Victoria Theatre - Harlem

Original detailing behind a false wall in the Victoria Theater on W. 125th St. in Harlem. (Jefferson Siegel / April 15, 2008)


Today, the Victoria Theater is the hulking ghost of Harlem.

Dwarfed by its more famous neighbor, the Apollo, audiences haven't seen a show at the Victoria in 10 years and today it is like a movie theater kept in distressed amber.

Piles of junk are stacked in the once ornate lobby. The concession offers $1.25 Pepsis and Slice, 5th Avenue candy bars and Butterfingers to absent customers. A lone cat slinks around the premise.

But a $130 million plan to transform the space and re-open it to local community arts groups is facing opposition from neighborhood activists who want to see it returned to its original grandeur.

"They don't want the theater to be there because they want to use that section for a lobby for the condos and the hotels," said Ethel Bates, 73, who is heading the Harlem Victoria Restoration Group. "They want to make X number of dollars and so they choose to cut everything up. This is the kind of cutthroat thing that only happens in New York. Other cities don't have it as bad but in New York they have it down to a science."

Local developer Steve Williams of Danforth Development Partners, LLC, wants to transform the 1917 burlesque theater into a 30-story condo/hotel, cutting up the ornate 2, 400-seat theater into two mini-theaters while preserving the facade and parts of the lobby.

The developers and city officials, however, say that union regulations make a large theater unsustainable. What the neighborhood really needs, they say, are smaller venues for local arts groups.

The Harlem Arts Alliance, the Classical Theater of Harlem, and the National Jazz Museum are all slated to operate out of space.

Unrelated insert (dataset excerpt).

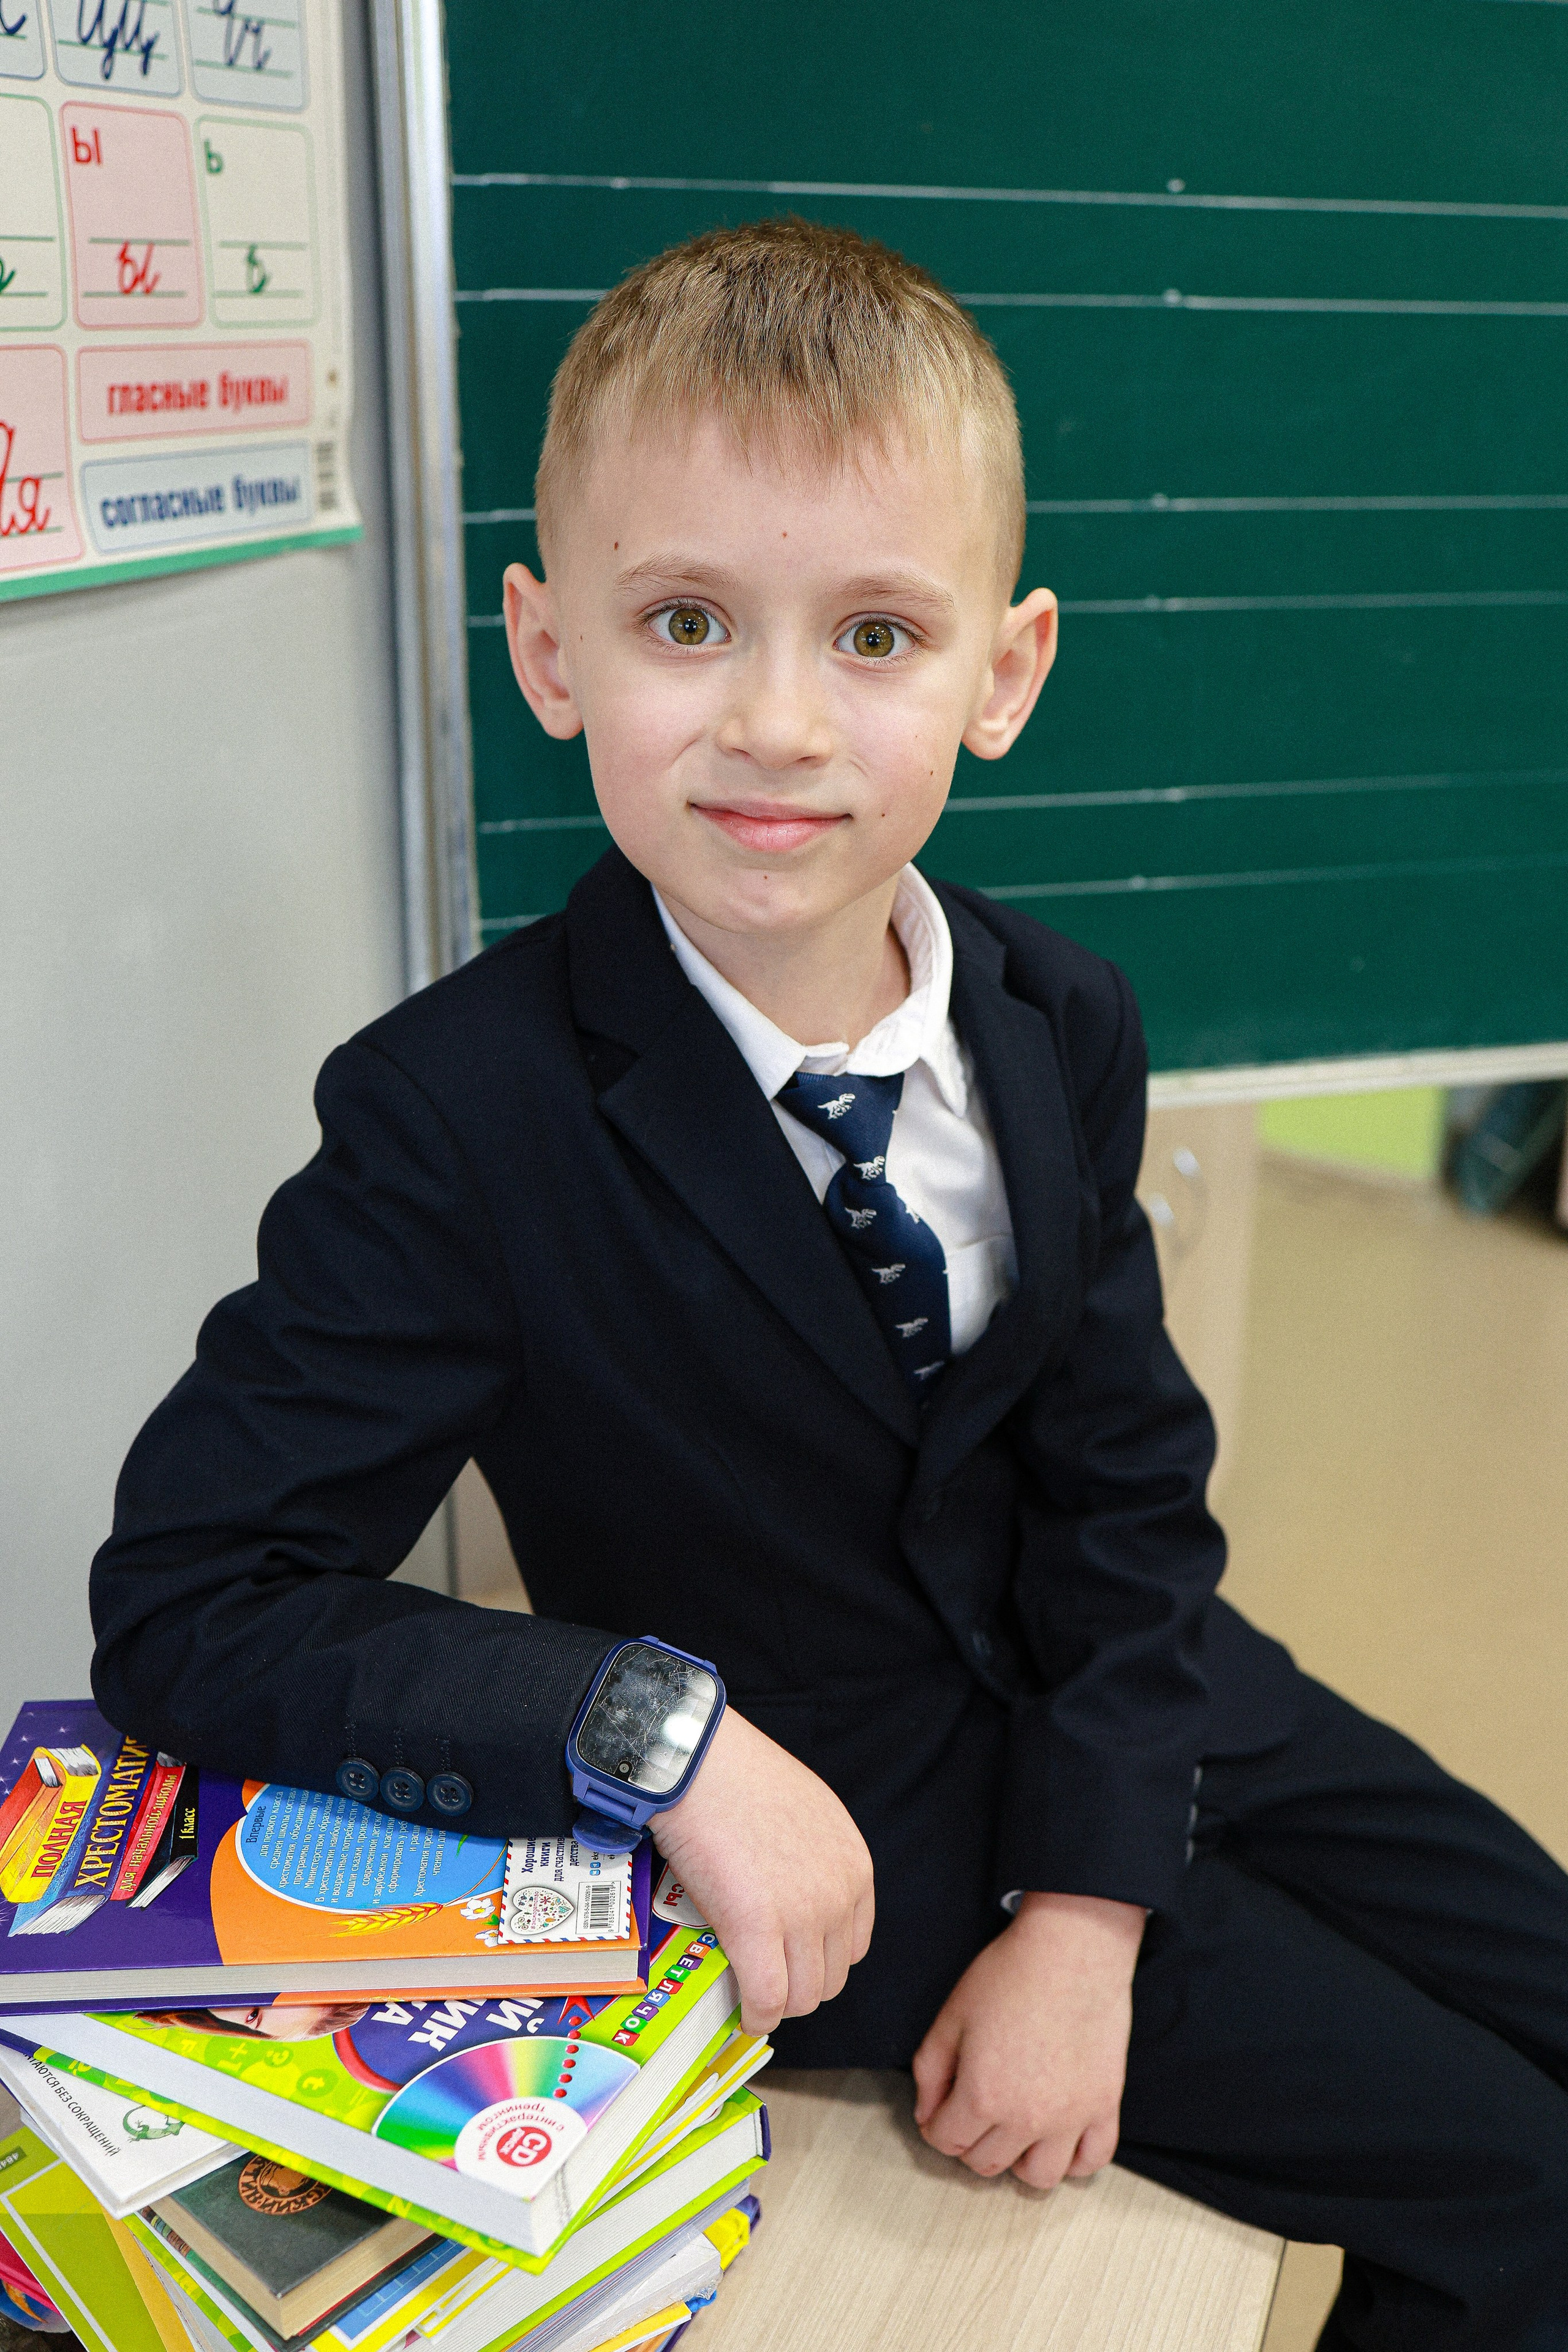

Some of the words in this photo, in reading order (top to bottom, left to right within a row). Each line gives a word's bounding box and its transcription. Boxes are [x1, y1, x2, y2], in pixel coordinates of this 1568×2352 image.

"The indigenous cultural groups that established themselves in Harlem deserve to benefit from their advocacy and commitment to the community," Williams said. "It's going to be a destination building that is going to act as a catalyst for the community at large."

Backers of the plan also argue that the project's neighbor, The Apollo, has difficulties operating at capacity most nights, and adding an even larger venue would be foolish.

"It's the white elephant that no one can afford to rent, because it's too damn big," said Curtis Archer, president of the Harlem Community Development Corp., a state agency charged with community revitalization. "To build another theater of the same size doesn't make sense."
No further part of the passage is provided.